Washing protocol. After hybridization, Sealing Solution was washed away from reaction sites using sterile water and array chips were subjected to the following washing protocol (originally provided by Alopex (Kulmbach, Germany) for using the “Chromo Chip System”) comprising washing solutions Wash 1 and Wash 2 (table 1) (washing solutions were taken from the Medical Genetic Center, Munich). Washing procedures removed the Sealing Solution efficiently as well as unbound PCR products.

Table 1. Washing protocol and compositions of washing buffers Wash 1 and Wash 2 after PCR and array

hybridization. Buffers Wash 1A and Wash 2 needed to be autoclaved at 120 °C for 20 min prior to use. Washing procedures were performed at room temperature.

Washing solutions Composition Concentrated Buffer Solutions

1.0 l Wash 1 (working solution) 100 ml Wash 1A (10x) 20 ml Wash 1B (5x) 880 ml H2Odest. Wash 1A (10x) = 3 M NaCl 0.3 M Na3 Citrate 2H2O pH 7.0 Wash 1B (5x) = 10% (w/v) Natriumdodecylsulfate (SDS) 1.0 l Wash 2 (working solution) 100 ml Wash 2 (10x) 900 ml H2odest. Wash 2 (10x) = 0.3 M NaCl 30 mM Na3 Citrate 2H2O pH 7.0 Washing protocol 5x 1 min Wash 1 2x 1 min Wash 2 1x 3 min Wash 2

For washing the multi LV-PCR microdevice an automated washing station appropriate for these slides was utilized (AdvaWash, Advalytix AG/Beckman Coulter Biomedical GmbH, Munich, Germany). LOC chips were washed manually by applying a 10 µl overlay of buffers onto the hybridization reaction center B of the chips. After washing, array chips were dried for 5 min at 37°C until slide surfaces were totally dry and stored in darkness for the scanning process (max. 3 h).

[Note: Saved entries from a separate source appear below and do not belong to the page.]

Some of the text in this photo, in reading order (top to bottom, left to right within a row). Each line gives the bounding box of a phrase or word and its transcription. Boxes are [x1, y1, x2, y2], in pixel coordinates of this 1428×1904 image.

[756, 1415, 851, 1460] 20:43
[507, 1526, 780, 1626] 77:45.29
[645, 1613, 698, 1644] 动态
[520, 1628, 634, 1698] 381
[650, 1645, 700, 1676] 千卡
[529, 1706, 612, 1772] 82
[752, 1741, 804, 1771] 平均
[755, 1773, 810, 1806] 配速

Detection. The multi LV-PCR microdevice was scanned for hybridized PCR products using an automated PMT laser-based microarray scanner system (ProScanArray Microarray Analysis System, PerkinElmer Life and Analytical Sciences, Shelton, CT, USA) and appropriate software (ProScanArray Scanner Software, PerkinElmer Life and Analytical Sciences, Shelton, CT, USA). LOC chips were scanned using an inverted optical microscope (Axio Obsever.Z1, Carl Zeiss GmbH, Jena, Germany) with integrated fluorescence unit for excitation and appropriate filters for excitation, emission and detection. Excitation was done using a HBO 100 high-pressure mercury lamp (HBO 100, Leistungselektronik JENA GmbH, Jena, Germany). Due to the Stokes-transition between the absorption and emission spectrum, it is possible to separate the bright excitation light from the weak fluorescence light in the light path of the microscope via using appropriate filter sets. Pictures of fluorescence intensities were taken using a CCD camera (Rolera-XR, QImaging, Surrey BC, Canada) and QCapture Pro 6.0 imaging software (QImaging, Surrey BC, Canada).